Original authors: Silpa Vadakkeeveetil Sreelatha, Dan Wang, Serge Belongie, Muhammad Awais, Anjan Dutta

Published 2026-06-17

📖 4 min read☕ Coffee break read

Original authors: Silpa Vadakkeeveetil Sreelatha, Dan Wang, Serge Belongie, Muhammad Awais, Anjan Dutta

Original paper licensed under CC BY 4.0 (http://creativecommons.org/licenses/by/4.0/). ✨ This is an AI-generated explanation of the paper below. It is not written or endorsed by the authors. For technical accuracy, refer to the original paper. Read full disclaimer

Imagine a giant, magical painting machine (a Text-to-Image AI) that has been trained on billions of pictures from the internet. You can tell it, "Draw a doctor," and it will paint one. But, because it learned from the real world, it has picked up on real-world biases. If you ask for a "doctor," it almost always paints a man in a white coat. If you ask for a "nurse," it almost always paints a woman.

The problem is, we usually only check for the big, obvious biases we already know about (like gender or race). But what about the weird, rare, or subtle things the machine could paint but just never chooses to? Maybe it knows how to paint a doctor with curly hair or a doctor in a vintage photo, but it keeps ignoring those ideas.

Enter RAIGen.

Think of the AI's brain as a massive library of "neurons" (little switches that light up when the AI thinks about specific things). Most of the time, the same few switches light up over and over again (the "popular" ideas). The rare ideas are hidden in switches that almost never get turned on.

How RAIGen Works (The "Matryoshka" Analogy)

The Russian Dolls (Matryoshka Sparse Autoencoders):
Imagine the AI's brain is a set of Russian nesting dolls. The outer dolls are big and cover broad ideas (like "a person"). The inner dolls are tiny and cover very specific details (like "a specific type of hat").
RAIGen uses a special tool called a Matryoshka Sparse Autoencoder to open these dolls. It doesn't just look at the big picture; it peels back the layers to find the tiny, specific switches inside.
The "Quiet Neuron" Detector:
RAIGen looks for the switches that are the quietest. It asks two questions:
- How rarely does this switch turn on? (If it only lights up 1% of the time, it's a "rare" idea).
- Is this switch unique? (Does it represent something totally different from the average, or is it just a noisy glitch?).
If a switch is quiet and unique, RAIGen flags it as a "Rare Attribute."
The Treasure Hunt:
Once RAIGen finds these quiet switches, it looks at the pictures that made them light up. It might find a picture of a "female doctor in a black-and-white portrait" or a "train with huge smoke plumes." These are things the AI knows how to draw, but it usually skips them in favor of the "standard" versions.
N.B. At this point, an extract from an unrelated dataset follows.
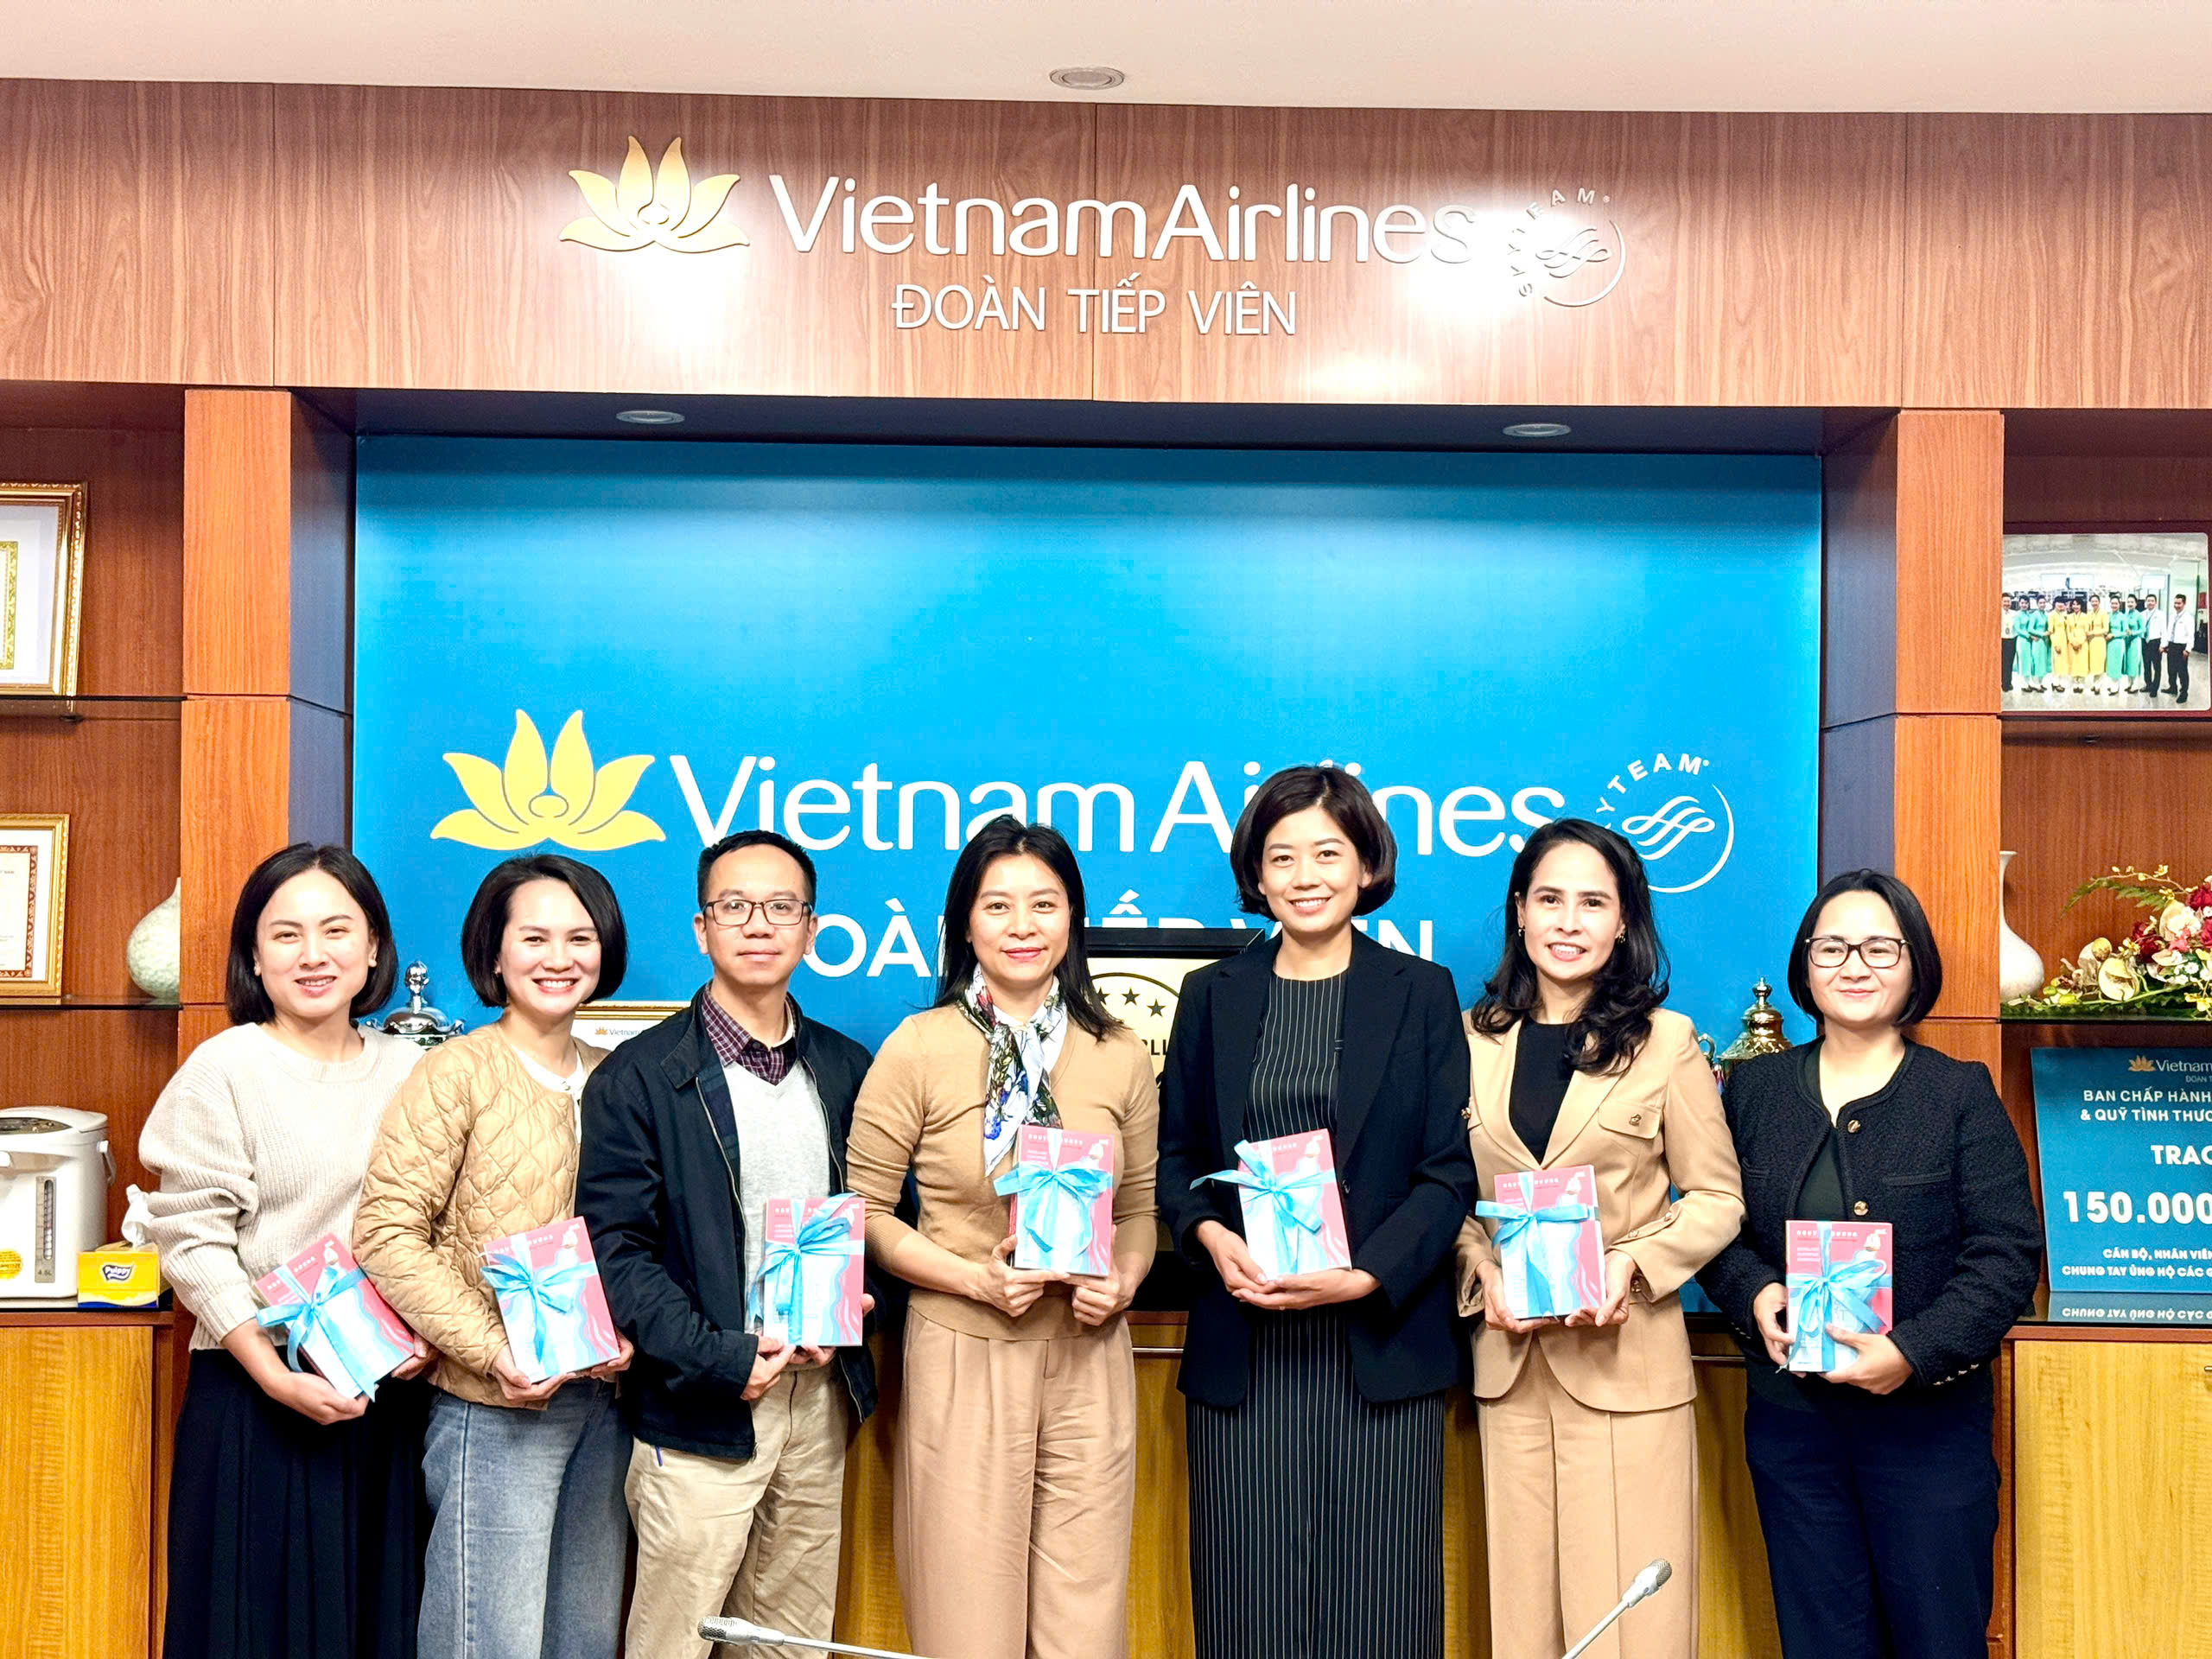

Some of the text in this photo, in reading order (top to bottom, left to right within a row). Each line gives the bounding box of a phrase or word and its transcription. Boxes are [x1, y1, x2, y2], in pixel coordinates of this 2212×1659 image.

What RAIGen Actually Found

The researchers tested this on popular AI models (like Stable Diffusion) and found:

It finds hidden gems: It discovered rare concepts that standard bias checkers missed, like specific hairstyles, cultural symbols, or unusual camera angles.
It works on different models: It found these rare traits in both older, smaller models and newer, massive ones.
It's not just about fairness: It found rare things that aren't about gender or race, but about style and context (like a "doctor holding a medical chart" vs. just a generic doctor).

The "Volume Knob" Effect

The coolest part is what happens next. Once RAIGen identifies these quiet switches, the researchers showed they could "turn up the volume" on them. By slightly changing the text prompt based on what RAIGen found, they could force the AI to draw these rare pictures much more often.

The Bottom Line

RAIGen is like a detective that listens to the AI's internal thoughts to find the ideas it is secretly holding back. It doesn't just tell us what the AI is bad at; it tells us what the AI is ignoring. This helps us understand the full range of what these models can do, not just the most common things they produce.
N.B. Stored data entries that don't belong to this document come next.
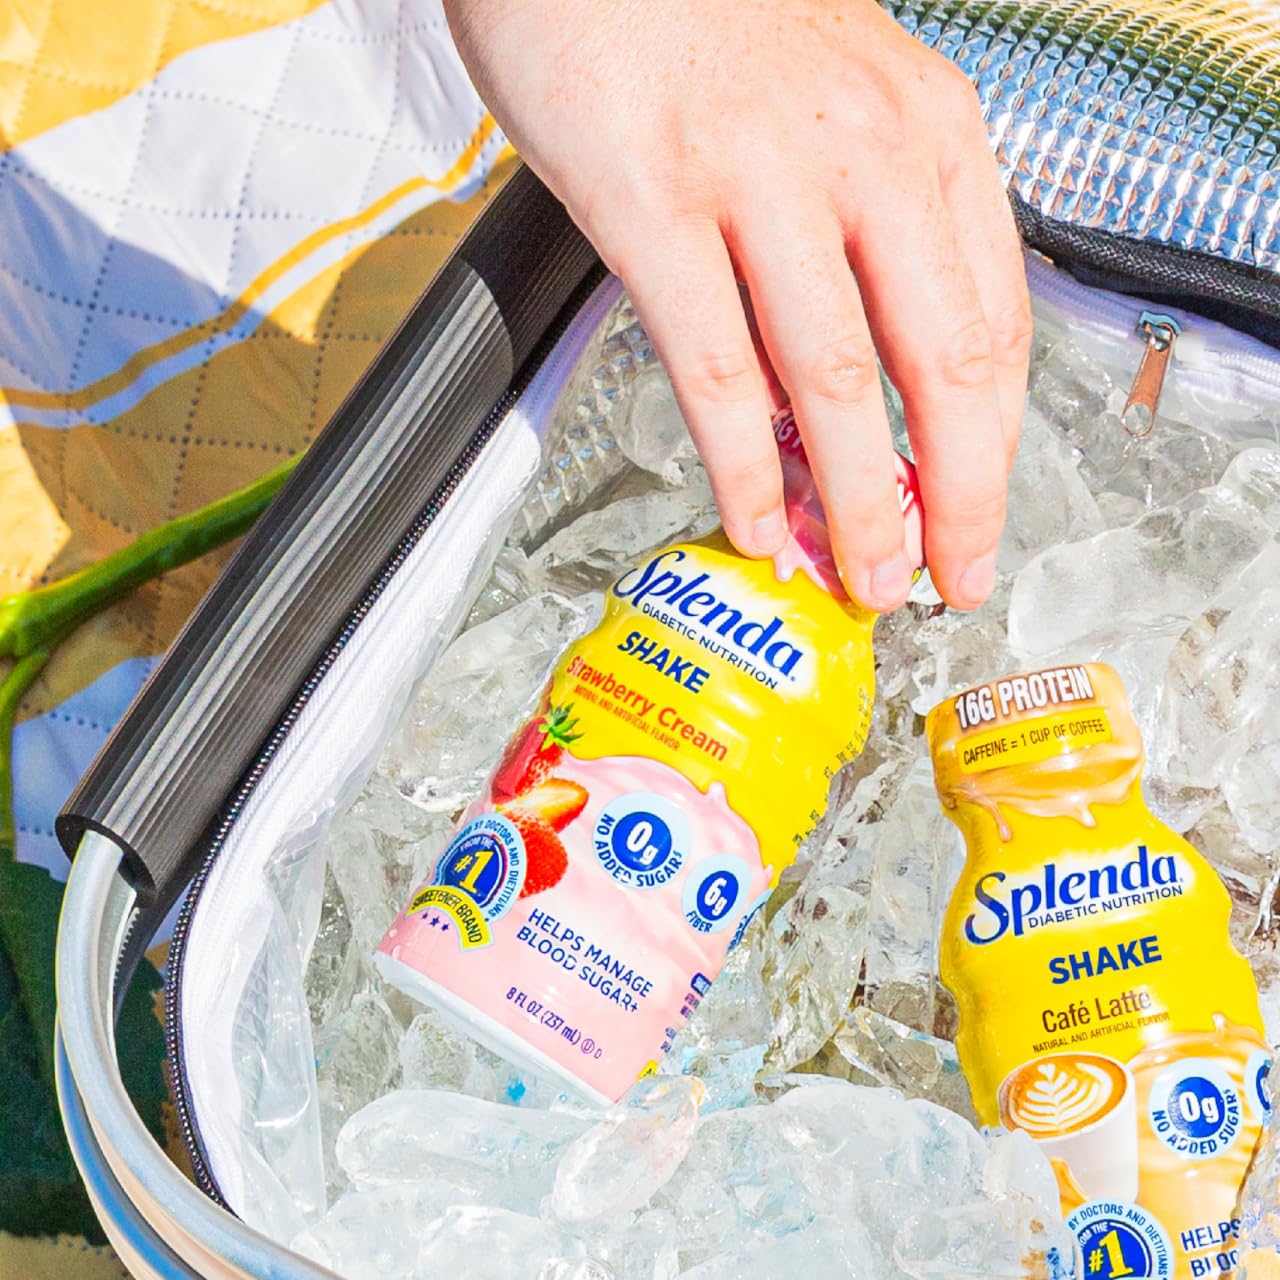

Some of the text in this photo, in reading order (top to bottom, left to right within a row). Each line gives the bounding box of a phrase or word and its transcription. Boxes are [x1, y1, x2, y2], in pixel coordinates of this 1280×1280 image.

[612, 550, 804, 677] Splenda
[617, 631, 711, 694] SHAKE
[642, 603, 778, 690] DIABETIC NUTRITION
[566, 656, 729, 762] Strawberry Cream
[955, 667, 1093, 728] 16G PROTEIN
[651, 727, 681, 751] FLAVOR
[963, 719, 1105, 765] CAFFEINE CUP OF COFFEE
[595, 813, 632, 884] NO ADDED
[626, 821, 659, 865] 0g
[454, 851, 494, 895] #1
[965, 845, 1178, 945] Splenda
[704, 877, 728, 916] 6g
[1028, 885, 1183, 928] DIABETIC NUTRITION
[456, 901, 482, 943] BRAND
[686, 910, 713, 933] FIBER
[516, 925, 578, 971] BLOOD
[579, 966, 639, 1013] SUGAR+
[527, 908, 585, 951] HELPS
[584, 944, 653, 998] MANAGE
[1048, 935, 1162, 985] SHAKE
[506, 987, 544, 1019] 8 OZ
[1042, 990, 1152, 1033] Café Latte
[1033, 1012, 1170, 1054] NATURAL AND ARTIFICIAL FLAVOR
[1179, 1091, 1220, 1123] 0g
[1152, 1110, 1217, 1155] NO ADDED
[1080, 1203, 1168, 1276] DOCTORS AND DIETITIANS
[1088, 1230, 1134, 1279] #1
[1181, 1219, 1240, 1251] HELPS
Important Note: The paper is careful to say this only finds things the AI already learned. If the AI never saw a picture of a specific rare cultural symbol during training, RAIGen won't find it. It only reveals the "hidden" parts of the library that are already there but rarely visited.

Technical Summary: RAIGen – Rare Attribute Identification in Text-to-Image Generative Models

1. Problem Statement

Text-to-image (T2I) diffusion models, such as Stable Diffusion, generate high-fidelity images but inherit and amplify biases from their training data. While prior work addresses this through closed-set approaches (mitigating biases in predefined categories like gender or race) or open-set approaches (identifying dominant majority attributes), a critical gap remains. Existing methods overlook the systematic underrepresentation of rare or minority attributes that are encoded within the model's internal representations but suppressed during generation. These attributes may be social, cultural, or stylistic and are not necessarily known a priori. Suppressing dominant attributes does not automatically amplify these underrepresented features; instead, it often reallocates probability mass unevenly. There is a need for a framework to systematically discover these "suppressed" minority attributes without relying on predefined labels.
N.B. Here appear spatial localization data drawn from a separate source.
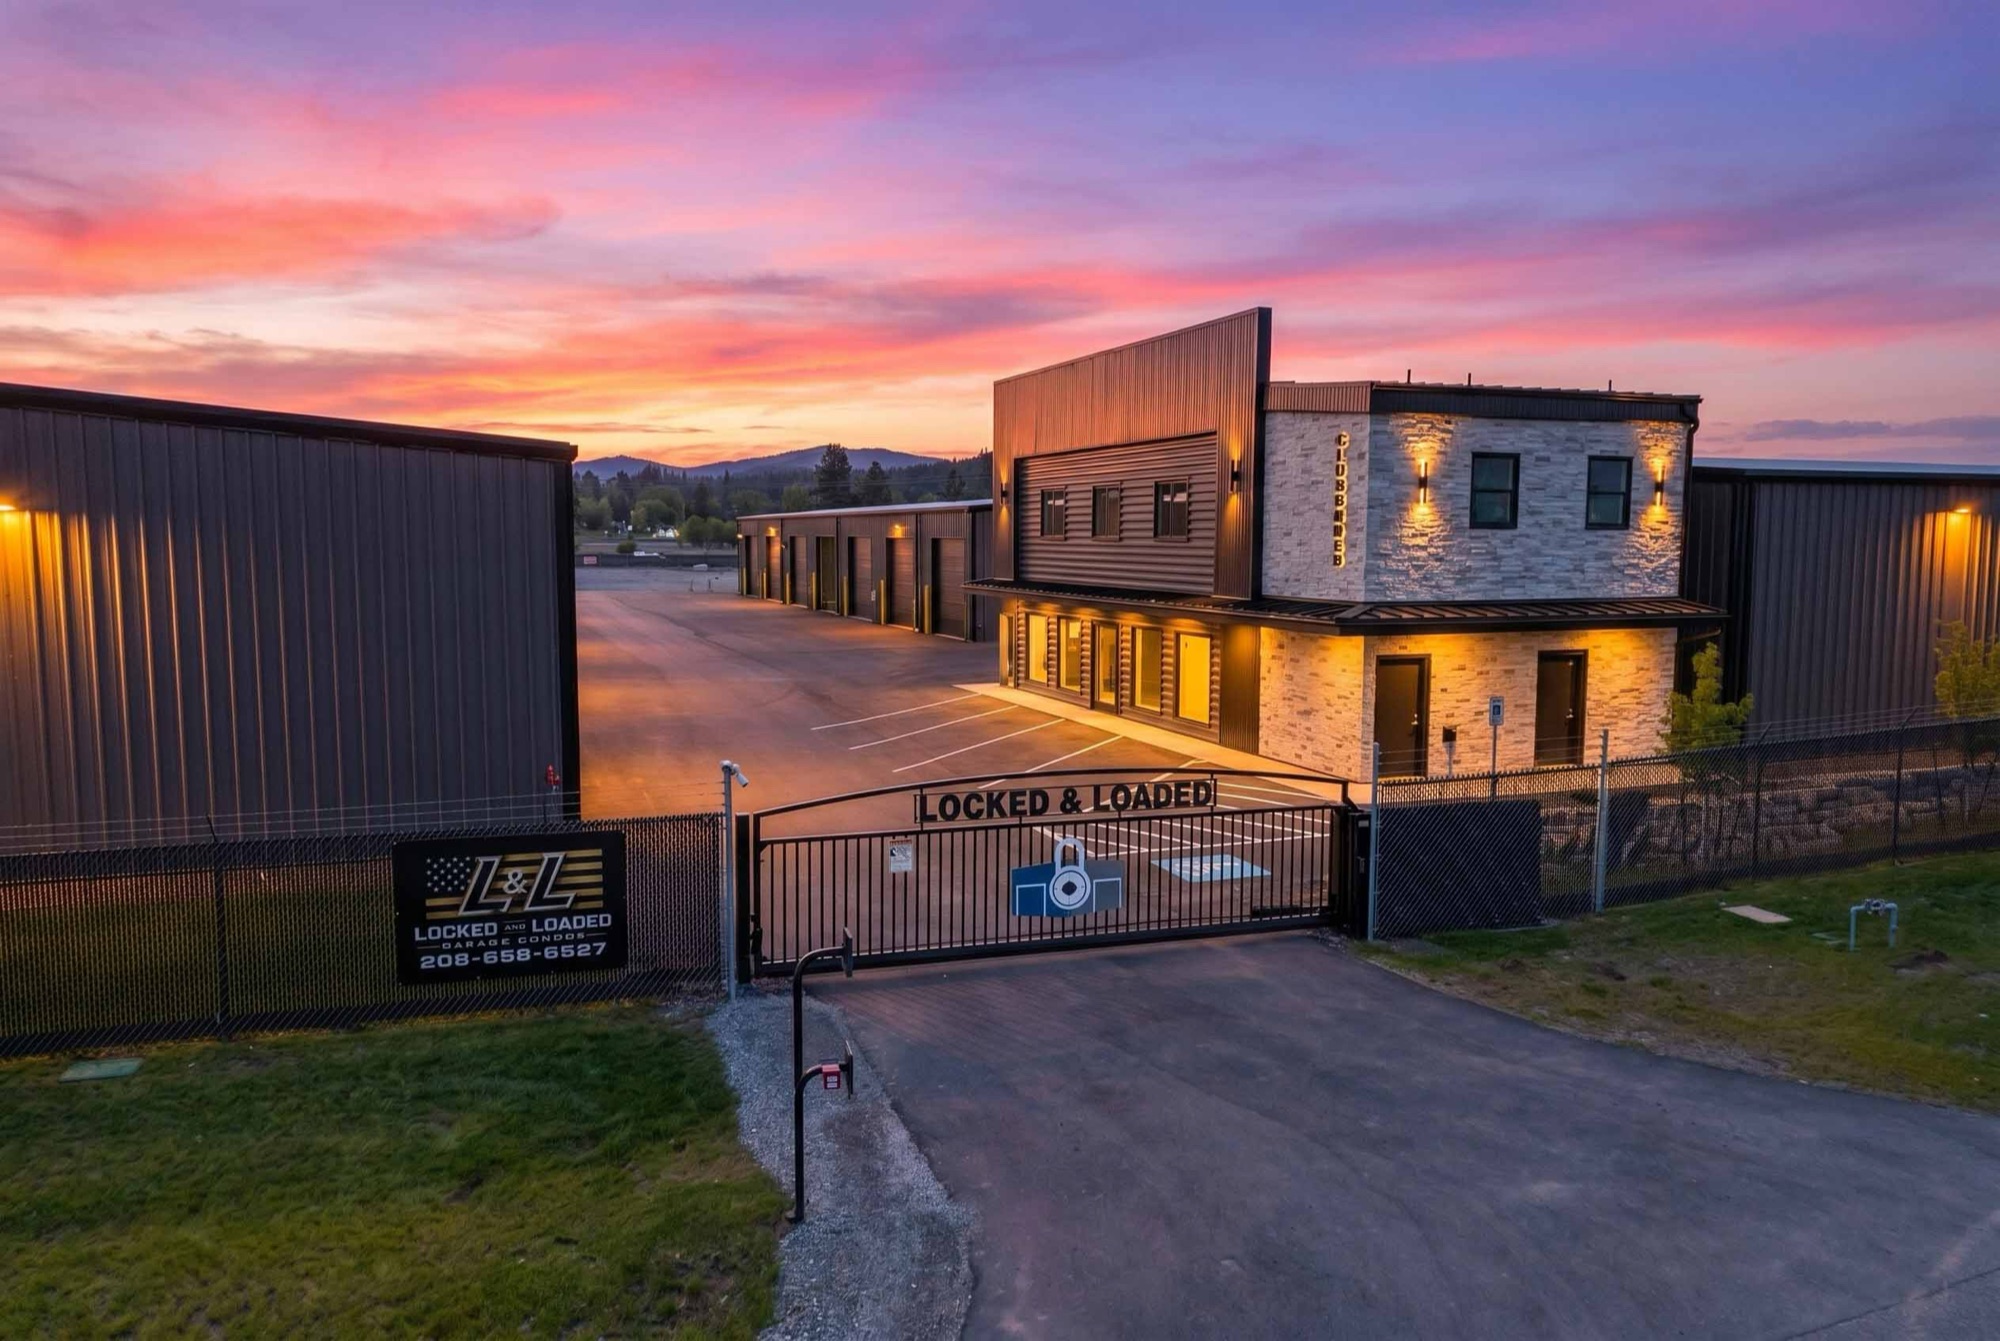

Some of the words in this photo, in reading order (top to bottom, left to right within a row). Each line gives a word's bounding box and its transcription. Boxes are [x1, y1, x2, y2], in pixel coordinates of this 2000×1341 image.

[919, 789, 1049, 822] LOCKED
[1059, 787, 1082, 814] &
[1093, 780, 1212, 812] LOADED
[458, 852, 576, 915] L&L
[414, 922, 498, 941] LOCKED
[504, 923, 526, 931] AND
[532, 913, 612, 932] LOADED
[518, 931, 585, 944] CONDOS
[420, 942, 606, 969] 208-658-6527
2. Methodology: RAIGen Framework

RAIGen is a label-free framework designed to identify rare attributes directly from the internal latent representations of diffusion models. It operates through three primary stages:

2.1. Feature Decomposition via Matryoshka Sparse Autoencoders (MSAEs)

To map entangled internal representations into semantically interpretable features, RAIGen employs Matryoshka Sparse Autoencoders (MSAEs).

Input: The framework extracts bottleneck representations ( $h_t$ ) from a diffusion model during the reverse sampling process (typically at the final timestep where semantic information is most expressed).
Architecture: MSAEs decompose these representations into a hierarchy of sparse latent features ( $z$ ) at varying levels of granularity.
Level Selection: While MSAEs offer fine-grained levels, RAIGen focuses on the coarsest level ( $k_1$ ). Finer levels often fragment single concepts into localized, brittle part-features, whereas the coarsest level yields semantically and spatially coherent features suitable for identifying global attributes.

2.2. The Minority Score

To distinguish rare, meaningful attributes from noise or common features, RAIGen introduces a Minority Score ( $s$ ) that combines two complementary signals:

Activation Frequency ( $\nu$ ): The proportion of samples in a dataset where a specific neuron is active. Rare attributes correspond to neurons with low activation frequency.
Semantic Distinctiveness ( $d$ ): The cosine distance between the neuron's activation-weighted CLIP centroid ( $\mu_i$ ) and the global dataset centroid ( $\mu_{D_c}$ ). This ensures the neuron represents a concept that deviates significantly from the dataset's average semantics.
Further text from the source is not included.